𝐇𝐨𝐰 𝐭𝐨 𝐒𝐭𝐨𝐩 𝐃𝐢𝐬𝐜𝐚𝐫𝐝𝐢𝐧𝐠 𝐬𝐨 𝐌𝐮𝐜𝐡

 𝐁𝐮𝐬𝐭𝐢𝐧𝐠 🥖𝐒𝐨𝐮𝐫𝐝𝐨𝐮𝐠𝐡🥖𝐒𝐭𝐚𝐫𝐭𝐞𝐫 𝐌𝐲𝐭𝐡𝐬 & 𝐇𝐨𝐰 𝐭𝐨 𝐒𝐭𝐨𝐩 𝐃𝐢𝐬𝐜𝐚𝐫𝐝𝐢𝐧𝐠 𝐬𝐨 𝐌𝐮𝐜𝐡 

When I first started baking, I was too intimidated to start sourdough. 

It seemed so complex. There are all these rules. It’s finicky.

 And when I see the posts from new bakers, people are still struggling with this. Somehow people (and books and videos) all seem to strive to make it as complex as possible, with lots of do’s and plenty of don’ts


Over the years I have learned that the vast majority of these rules don’t make any sense, and they show a fundamental misunderstanding of how sourdough baking works.


- Your starter doesn’t need to be fed 6 hours before baking

- You don’t need to feed your starter daily or weekly

- Your starter doesn't have to float to bake bread. 

- You never need to discard any starter if you bake frequently

- You can bake with a starter straight from the fridge, even if it doesn’t look active

- You don’t need to weigh when feeding your starter

- Starters don’t grow stronger over time

- You don’t have to feed your starter 1:2:2 or 1:4:4 or whatever

- The proportion of flour and water in your starter doesn’t matter

- You can feed it almost any flour

- You can use a starter fed on white flour in a whole wheat or rye loaf, and vice versa

- It doesn’t really matter how much starter you use in your recipe

- You don’t need to proof in a climate-controlled environment (like an oven)

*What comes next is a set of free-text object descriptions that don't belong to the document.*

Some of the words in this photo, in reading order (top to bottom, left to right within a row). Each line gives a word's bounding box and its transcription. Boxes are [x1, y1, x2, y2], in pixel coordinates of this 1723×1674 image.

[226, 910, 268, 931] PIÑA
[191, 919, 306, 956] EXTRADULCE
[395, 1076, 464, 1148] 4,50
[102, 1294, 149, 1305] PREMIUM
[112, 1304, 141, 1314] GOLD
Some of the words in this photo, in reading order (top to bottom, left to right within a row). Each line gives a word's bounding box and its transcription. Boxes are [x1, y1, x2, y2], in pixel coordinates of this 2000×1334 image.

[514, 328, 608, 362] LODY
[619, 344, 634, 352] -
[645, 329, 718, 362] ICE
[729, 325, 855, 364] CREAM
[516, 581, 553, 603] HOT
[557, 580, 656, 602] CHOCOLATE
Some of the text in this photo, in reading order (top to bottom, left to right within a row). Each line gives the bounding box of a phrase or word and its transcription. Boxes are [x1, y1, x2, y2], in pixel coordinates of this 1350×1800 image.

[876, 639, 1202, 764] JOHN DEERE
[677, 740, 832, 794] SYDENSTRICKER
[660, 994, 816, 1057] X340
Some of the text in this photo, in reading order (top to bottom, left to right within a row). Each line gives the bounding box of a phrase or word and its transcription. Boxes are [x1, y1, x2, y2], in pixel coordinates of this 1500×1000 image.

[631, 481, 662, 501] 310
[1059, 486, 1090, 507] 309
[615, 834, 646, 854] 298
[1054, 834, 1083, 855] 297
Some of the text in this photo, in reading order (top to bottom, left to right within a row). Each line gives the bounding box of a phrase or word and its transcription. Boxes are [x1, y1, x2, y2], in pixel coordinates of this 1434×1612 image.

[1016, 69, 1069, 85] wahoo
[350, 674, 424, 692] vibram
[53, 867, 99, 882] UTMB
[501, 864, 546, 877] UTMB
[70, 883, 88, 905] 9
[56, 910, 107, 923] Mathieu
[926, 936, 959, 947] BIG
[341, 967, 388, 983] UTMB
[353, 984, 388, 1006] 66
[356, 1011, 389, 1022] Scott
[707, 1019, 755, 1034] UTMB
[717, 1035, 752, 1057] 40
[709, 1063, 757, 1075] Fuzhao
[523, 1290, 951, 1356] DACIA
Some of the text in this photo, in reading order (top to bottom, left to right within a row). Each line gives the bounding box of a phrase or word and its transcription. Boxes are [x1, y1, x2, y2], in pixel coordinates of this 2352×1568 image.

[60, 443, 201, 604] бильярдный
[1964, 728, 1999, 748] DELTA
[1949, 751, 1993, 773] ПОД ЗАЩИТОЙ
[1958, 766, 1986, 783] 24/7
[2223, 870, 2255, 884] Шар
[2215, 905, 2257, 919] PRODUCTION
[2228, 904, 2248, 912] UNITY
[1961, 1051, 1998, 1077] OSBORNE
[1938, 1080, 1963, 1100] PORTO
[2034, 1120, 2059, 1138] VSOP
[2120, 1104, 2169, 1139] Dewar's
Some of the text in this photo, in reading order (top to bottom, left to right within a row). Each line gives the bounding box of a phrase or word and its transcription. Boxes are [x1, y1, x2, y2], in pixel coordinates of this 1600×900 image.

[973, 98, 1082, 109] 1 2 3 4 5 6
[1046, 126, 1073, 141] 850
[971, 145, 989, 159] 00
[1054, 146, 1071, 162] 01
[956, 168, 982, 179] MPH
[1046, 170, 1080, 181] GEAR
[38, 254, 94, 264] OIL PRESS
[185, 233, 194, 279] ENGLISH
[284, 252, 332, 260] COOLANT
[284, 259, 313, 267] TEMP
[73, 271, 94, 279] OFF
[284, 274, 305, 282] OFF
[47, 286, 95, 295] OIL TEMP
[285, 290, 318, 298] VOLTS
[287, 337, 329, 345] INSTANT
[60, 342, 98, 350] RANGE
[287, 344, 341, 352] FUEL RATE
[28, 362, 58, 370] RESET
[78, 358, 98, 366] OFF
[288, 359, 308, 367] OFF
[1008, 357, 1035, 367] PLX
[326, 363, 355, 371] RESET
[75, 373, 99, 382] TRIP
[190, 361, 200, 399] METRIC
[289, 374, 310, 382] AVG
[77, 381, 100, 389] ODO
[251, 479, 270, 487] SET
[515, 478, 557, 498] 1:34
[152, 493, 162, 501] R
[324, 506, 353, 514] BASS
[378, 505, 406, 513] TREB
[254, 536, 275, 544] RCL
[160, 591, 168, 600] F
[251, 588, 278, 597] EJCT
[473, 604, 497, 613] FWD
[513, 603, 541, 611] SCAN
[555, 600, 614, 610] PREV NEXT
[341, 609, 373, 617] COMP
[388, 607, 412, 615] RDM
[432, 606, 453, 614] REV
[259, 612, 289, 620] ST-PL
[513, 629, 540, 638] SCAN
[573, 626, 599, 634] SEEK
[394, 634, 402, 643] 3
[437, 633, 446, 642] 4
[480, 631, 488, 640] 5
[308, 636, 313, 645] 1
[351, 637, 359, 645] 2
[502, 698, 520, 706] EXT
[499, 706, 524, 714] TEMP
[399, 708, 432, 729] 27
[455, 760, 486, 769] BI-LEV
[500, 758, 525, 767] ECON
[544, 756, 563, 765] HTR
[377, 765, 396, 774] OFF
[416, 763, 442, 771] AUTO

- You don’t need to separate between bulk proofing and other stages of proofing

- You can convert almost any recipe using commercial yeast to sourdough.

- All recipes recommending X hours of this and X hours of that are estimates at best, and they are often wrong.


Confused? Actually, it’s really simple. My objective is to make great-tasting (and looking!) bread with the minimum of fuss. Once you understand the underlying principles, you can fit sourdough baking into your schedule without bending over backwards.


The one thing you need to remember is that sourdough is very forgiving. When I doubt, bake it. Used too much flour? Bake it. Proofed too long? Bake it. Too much water? Bake it. Most of the time, the result will taste great, even if it doesn’t look Instagram worthy. Don’t overthink it.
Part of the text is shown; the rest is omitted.